=== INFORMATION SUPPLIED ===

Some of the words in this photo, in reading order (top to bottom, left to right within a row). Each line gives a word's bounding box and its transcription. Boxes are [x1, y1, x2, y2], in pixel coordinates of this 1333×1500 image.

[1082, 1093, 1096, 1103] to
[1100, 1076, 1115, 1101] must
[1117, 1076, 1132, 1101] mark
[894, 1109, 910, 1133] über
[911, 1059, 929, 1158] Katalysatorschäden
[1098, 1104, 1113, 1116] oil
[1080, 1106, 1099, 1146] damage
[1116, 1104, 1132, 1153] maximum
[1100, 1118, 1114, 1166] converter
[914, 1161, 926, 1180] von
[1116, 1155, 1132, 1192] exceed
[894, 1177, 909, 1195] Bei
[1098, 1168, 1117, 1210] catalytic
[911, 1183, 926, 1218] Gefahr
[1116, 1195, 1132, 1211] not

===

DESCRIPTION OF THE TASK ▸ Copy each line above exactly as it stands.

YOUR RESPONSE ▸
Some of the words in this photo, in reading order (top to bottom, left to right within a row). Each line gives a word's bounding box and its transcription. Boxes are [x1, y1, x2, y2], in pixel coordinates of this 1333×1500 image.

[1082, 1093, 1096, 1103] to
[1100, 1076, 1115, 1101] must
[1117, 1076, 1132, 1101] mark
[894, 1109, 910, 1133] über
[911, 1059, 929, 1158] Katalysatorschäden
[1098, 1104, 1113, 1116] oil
[1080, 1106, 1099, 1146] damage
[1116, 1104, 1132, 1153] maximum
[1100, 1118, 1114, 1166] converter
[914, 1161, 926, 1180] von
[1116, 1155, 1132, 1192] exceed
[894, 1177, 909, 1195] Bei
[1098, 1168, 1117, 1210] catalytic
[911, 1183, 926, 1218] Gefahr
[1116, 1195, 1132, 1211] not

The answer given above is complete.